The secret of his success? "I'm into the mathematical stuff which is why I was accelerated. Most people take econometrics junior year, but I took it freshman year." More important, he says, "I've gotten good advice throughout. My father is an economist so I had an understanding of the kinds of things that would be useful. Marty has been instrumental. [He's] been advising me since the fall of freshman year."
The fall of my freshman year, I sold my Ec-10 textbook to my roommate and shopped an English seminar instead.
Oops.
By e-mail I receive word of a sartorial sophomore who makes GQ look like Roseanne. "At dinner," I read, "he had on a lovely sweater vest overtop (casual for him), button-down, an exquisite tie (Egyptian blue) with an intricate brocade down the center." I scroll down to catch the rest of the message. One phrase sticks out: "He's blind."
I call. "I have a rare vision condition called achromatopsia which entails acute near-sightedness and colorblindness," he says. "Corrected, it is worse than 20/200, which is the legal cutoff for blindness. It's genetic. My brother has it too. We are two of the three people in the state of Oregon who have it."
And the style? "I'm not really interested in fashion," he tells me. "For me, what colors go together and what matches aren't really criteria. I wear clothes that make me feel good. If I saw better, I might have inhibitions." I ask what he's wearing now. "Gray slacks and a gray blazer (but a different shade of gray, I think). I'm wearing a dark vest with a pinstripe and a watch chain; a silk paisley tie with some red, yellow and green; and some sort of black dress shoes."

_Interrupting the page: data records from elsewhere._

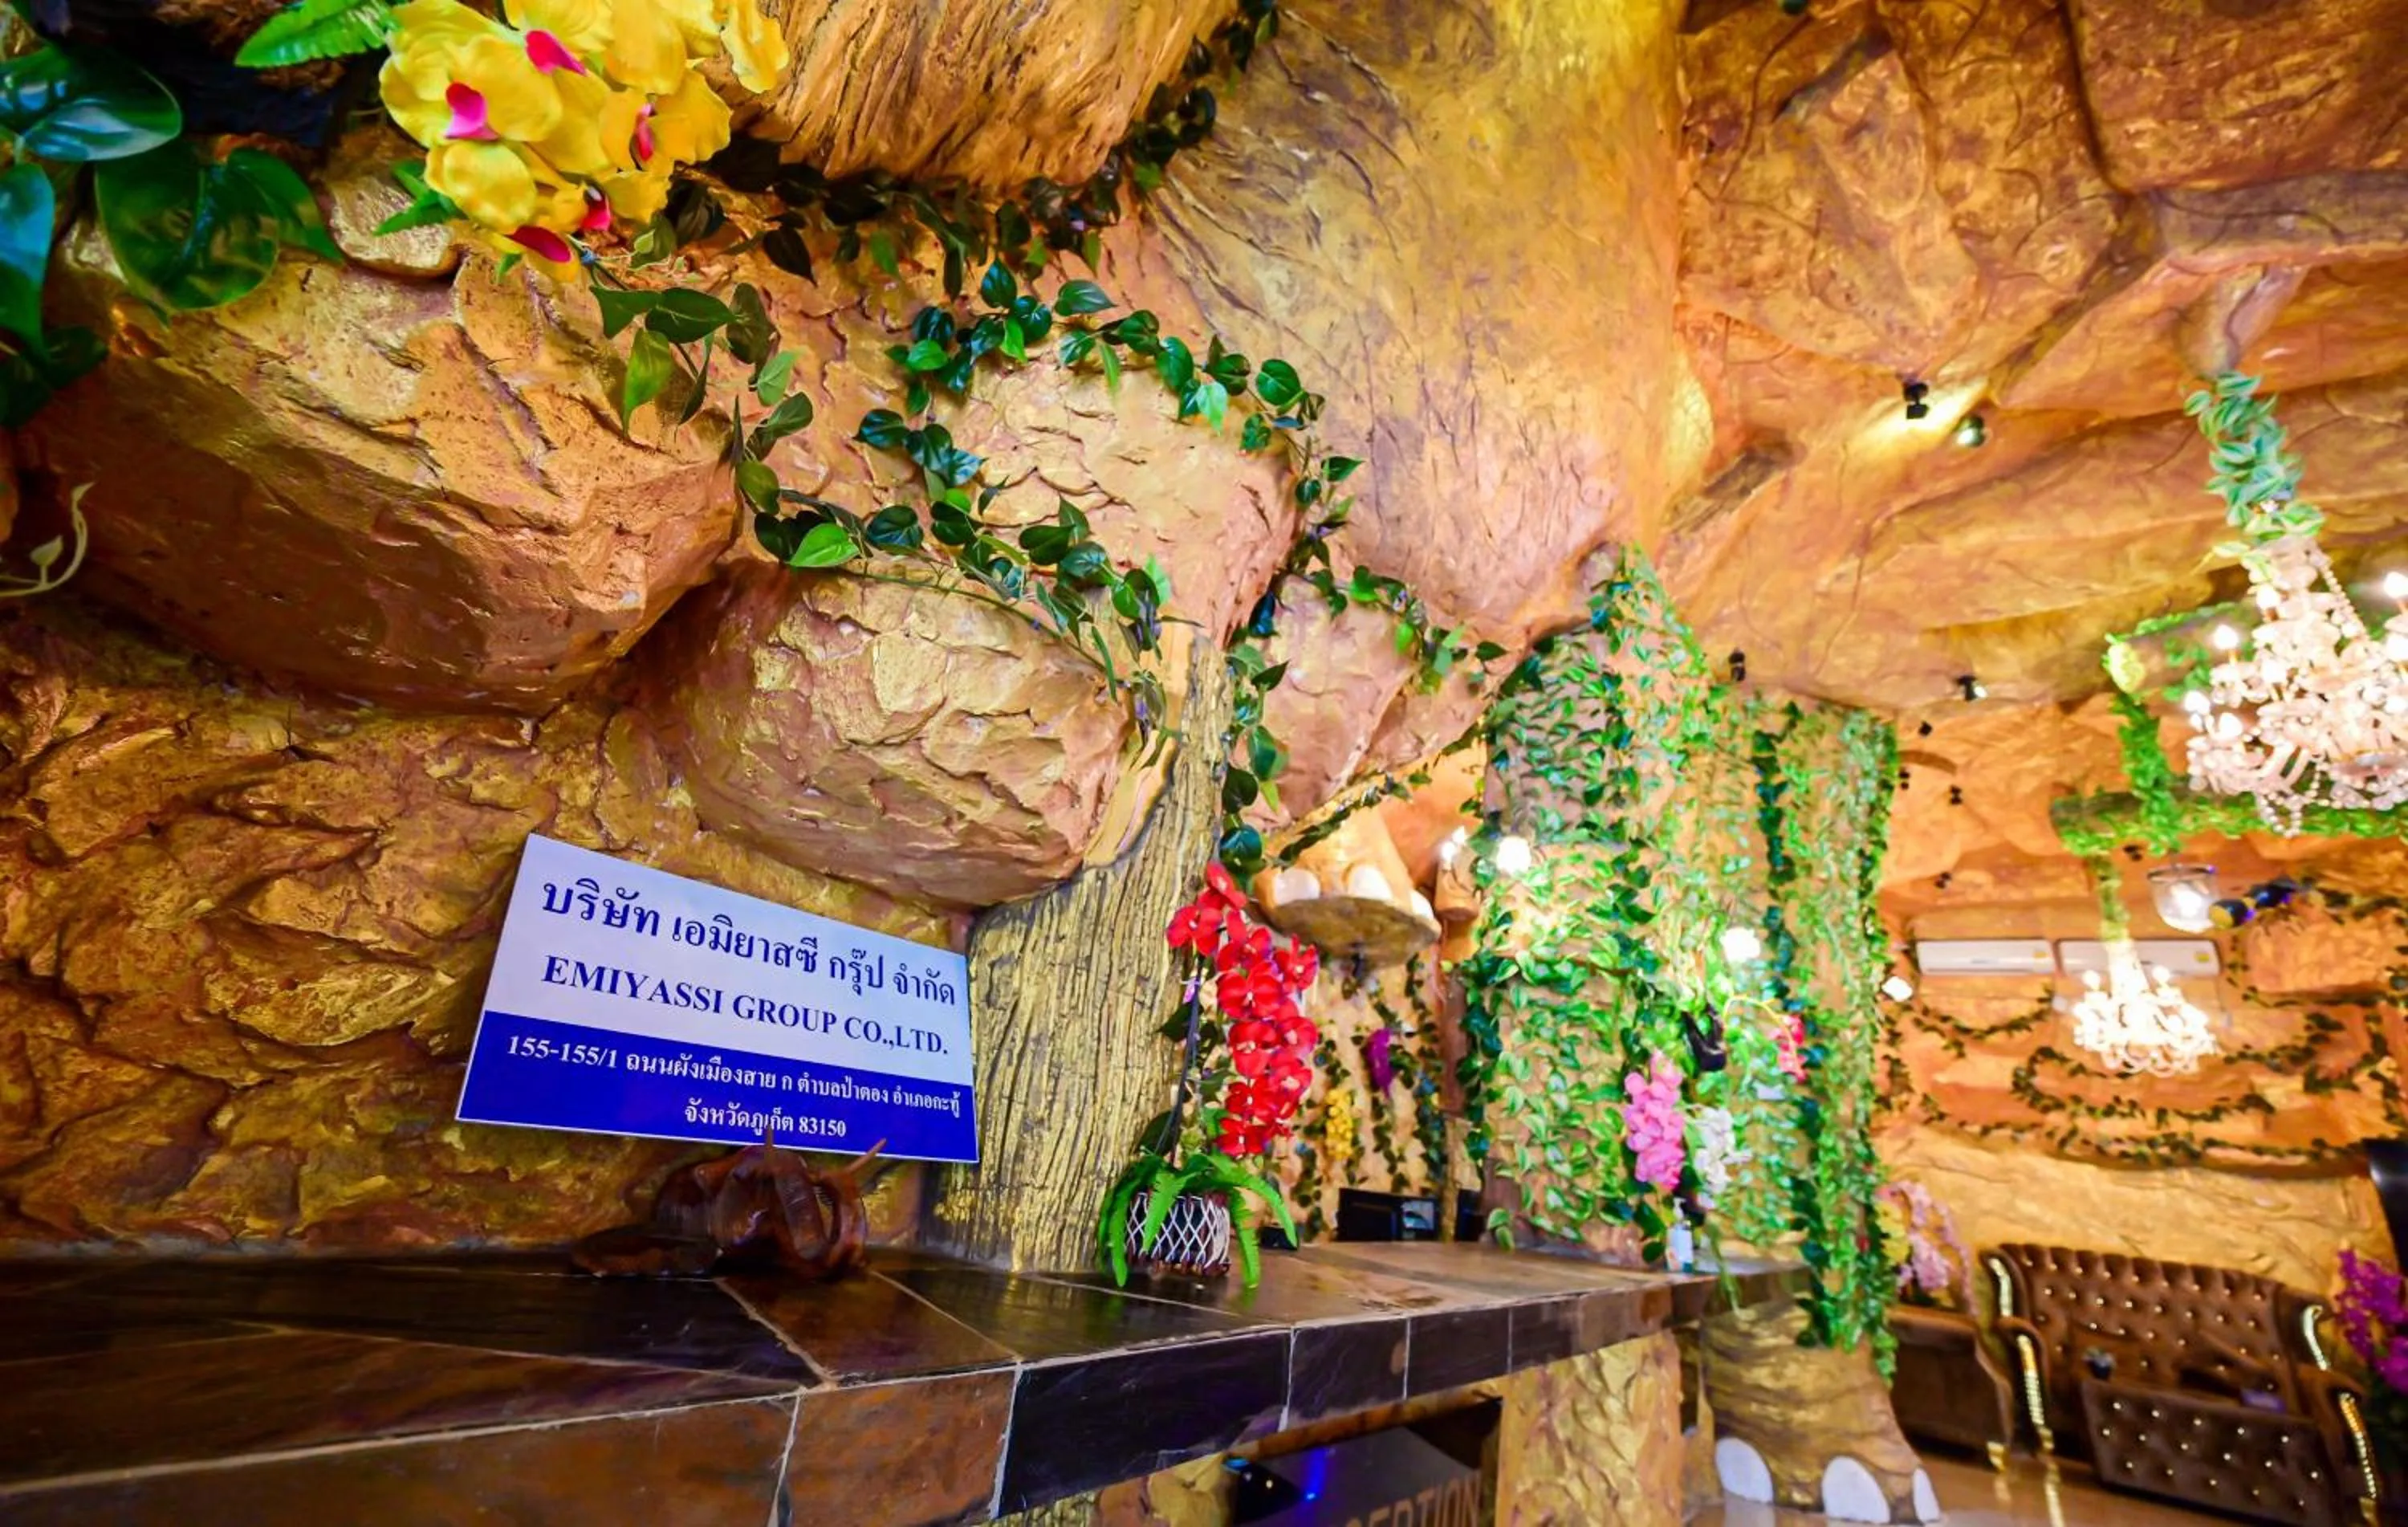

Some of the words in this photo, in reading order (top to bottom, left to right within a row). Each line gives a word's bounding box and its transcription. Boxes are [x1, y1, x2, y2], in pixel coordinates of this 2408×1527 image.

[542, 878, 661, 937] บริษัท
[672, 914, 819, 974] เอมิยาสซี
[829, 947, 885, 996] กรุ๊ป
[893, 963, 956, 1006] จำกัด
[541, 955, 724, 1014] EMIYASSI
[732, 994, 837, 1035] GROUP
[844, 1016, 949, 1055] CO.,LTD.
[506, 1035, 618, 1069] 155-155/1
[625, 1052, 777, 1089] ถนนผังเมืองสาย
[797, 1072, 889, 1104] ตำบลป่าตอง
[892, 1085, 961, 1118] อำเภอกะทู้
[684, 1097, 795, 1137] จังหวัดภูเก็ต
[798, 1115, 847, 1138] 83150

I look down. A white T-shirt, khaki pants and running shoes with holes near the toes.
I tie my shoes.
Saturday night I meet a senior from the class of '99-'00 with twelve languages from Spanish to Swedish, Italian to Urdu, Punjabi to Persian at the tip of his tongue. (The other half-dozen are Hindi, French, German, Mandarin Chinese, Portuguese and, yes, English.) "I was born in India, but we left when I was six months old," he says. "Then we were in Iran for three years, hence the Persian. We speak Hindi at home, but my parents answer in English." Home? "New Jersey."

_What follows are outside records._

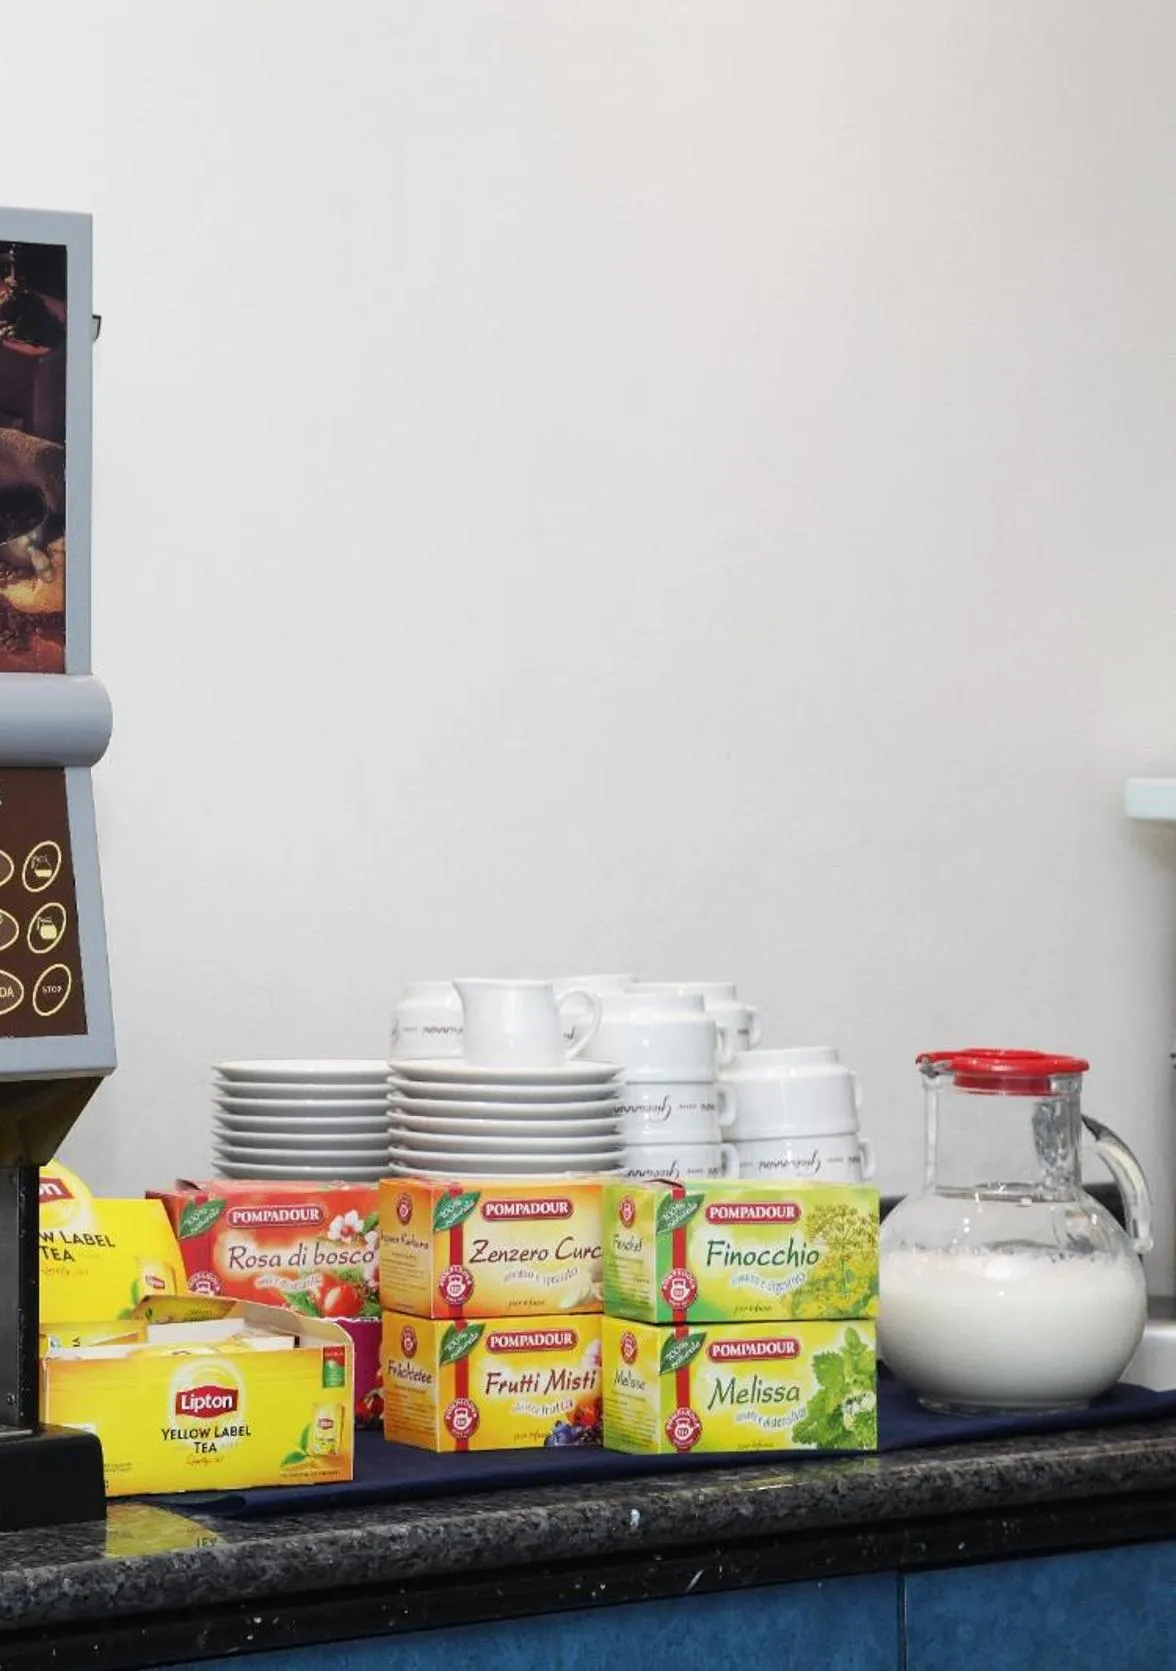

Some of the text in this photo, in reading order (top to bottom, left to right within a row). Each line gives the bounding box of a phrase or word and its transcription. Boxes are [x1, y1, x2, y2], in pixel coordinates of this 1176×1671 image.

[41, 986, 63, 994] STOP
[232, 1206, 321, 1225] POMPADOUR
[485, 1202, 569, 1218] POMPADOUR
[709, 1205, 796, 1220] POMPADOUR
[60, 1230, 116, 1248] LABEL
[39, 1245, 76, 1262] TEA
[228, 1241, 374, 1269] Rosa di bosco
[469, 1236, 602, 1263] Zenzero Curc
[706, 1238, 820, 1267] Finocchio
[490, 1332, 574, 1349] POMPADOUR
[711, 1344, 796, 1358] POMPADOUR
[485, 1368, 597, 1395] Frutti Misti
[707, 1374, 800, 1410] Melissa
[181, 1393, 233, 1413] Lipton
[162, 1424, 252, 1441] YELLOW LABEL
[194, 1441, 217, 1454] TEA

Soon, the other tongues babble forward. "My parents are ethnically Punjabis...Spanish was high school...After Spanish came French...Urdu spoken is not so different from Hindi...Mandarin I took at Harvard and then I was in Beijing for the summer...German I did at Harvard and I spent all last year in Germany...Swedish was at Harvard too...Portuguese I'm taking now." Next year? "I'm going to be a consultant." Ah, a Harvard student after all.
"I speak these things all the time because I'm fairly shameless," he says. "I have no qualms about accosting people and making myself friends with them if I feel they're nice people and I can practice with them. It's difficult to find Swedes! It really requires some ingenuity!"

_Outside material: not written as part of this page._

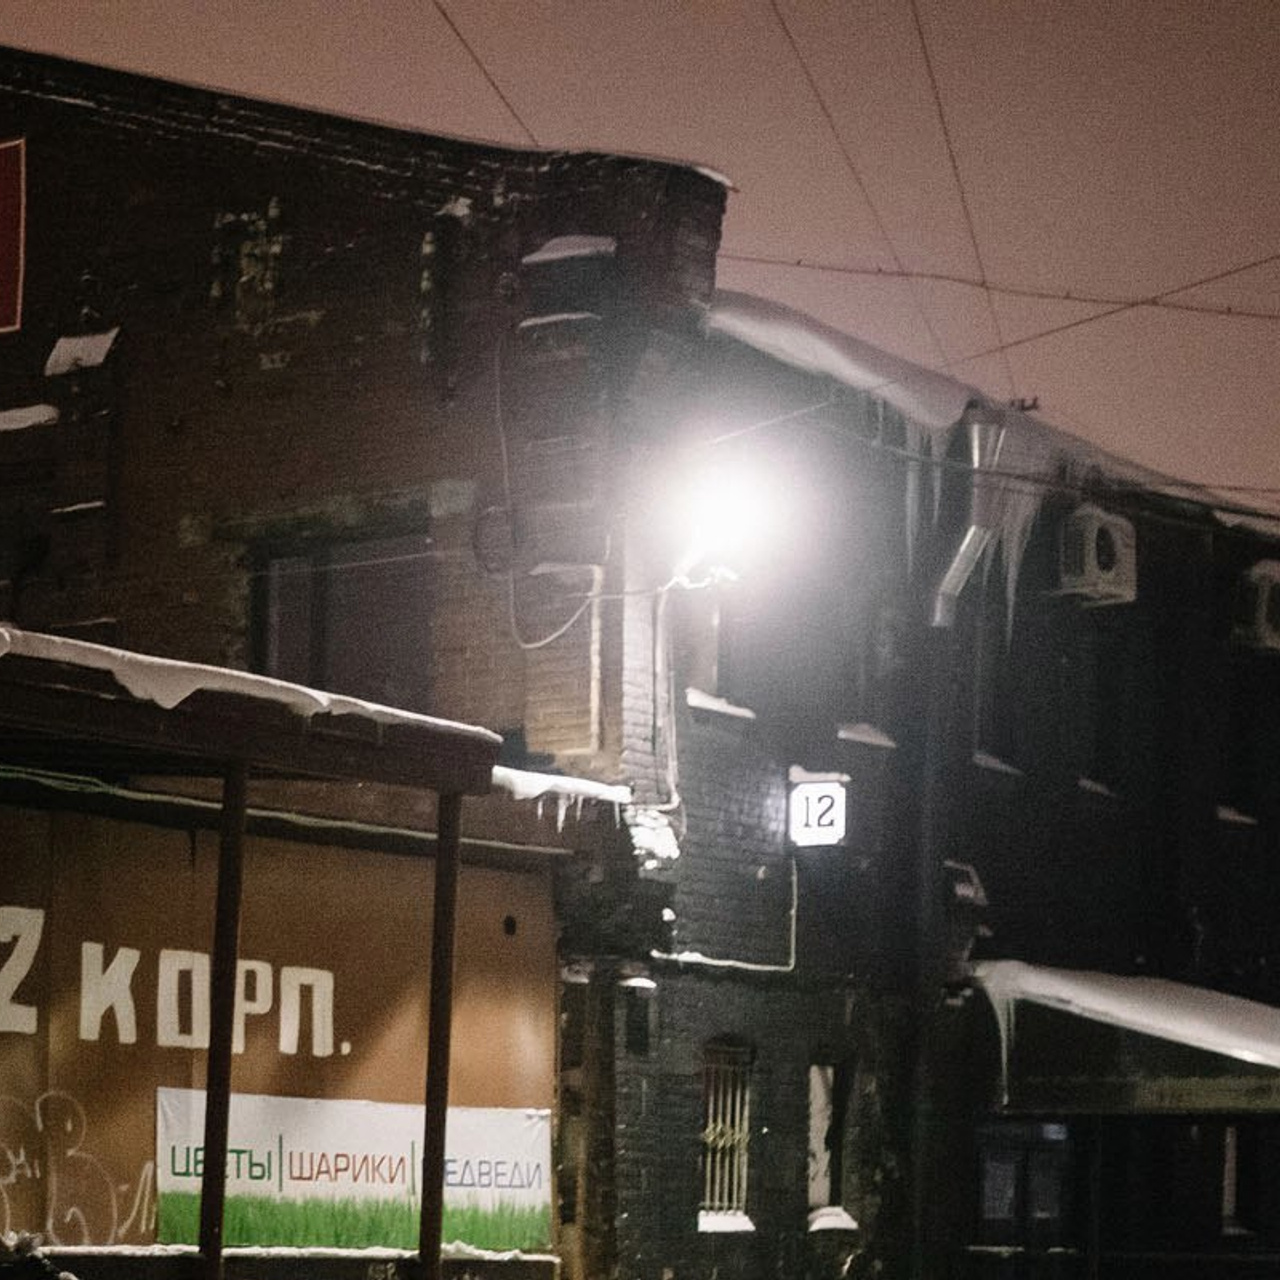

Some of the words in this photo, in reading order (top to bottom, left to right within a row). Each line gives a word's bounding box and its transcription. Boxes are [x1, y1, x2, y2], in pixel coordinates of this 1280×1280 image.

[803, 794, 835, 828] 12
[171, 1144, 273, 1181] ЦВТЫ
[288, 1150, 406, 1184] ШАРИКИ
[442, 1158, 543, 1190] ЕДВЕДИ

I went to Hebrew school I tell him. Wanna hear the alphabet? "Nah. There's just something about Semitic languages that doesn't do it for me."
Fine.
My CS-51 TF used to teach section in trochaic meter. For those who didn't take English 10b, trochaic meter consists of a stressed syllable followed by an unstressed one (e.g., "Tyger! Tyger! Burning bright/In the forests of the night"). For those who didn't take CS-51, sections covered everything from high-level artificial intelligence concepts to low-level assembly language instructions (e.g., "move $t7, $0 addu $t2, $t2, 4"). For those who struggled through either the expository writing or quantitative reasoning requirements, suffice it to say that's tricky.
A week ago I heard Yahoo had bought his Internet startup for $135 million. I wonder what he says now.
Really smart or really rich?
Jeremy N. Smith '01 is a history and literature concentrator in Pforzheimer House. His column appears on alternate Fridays.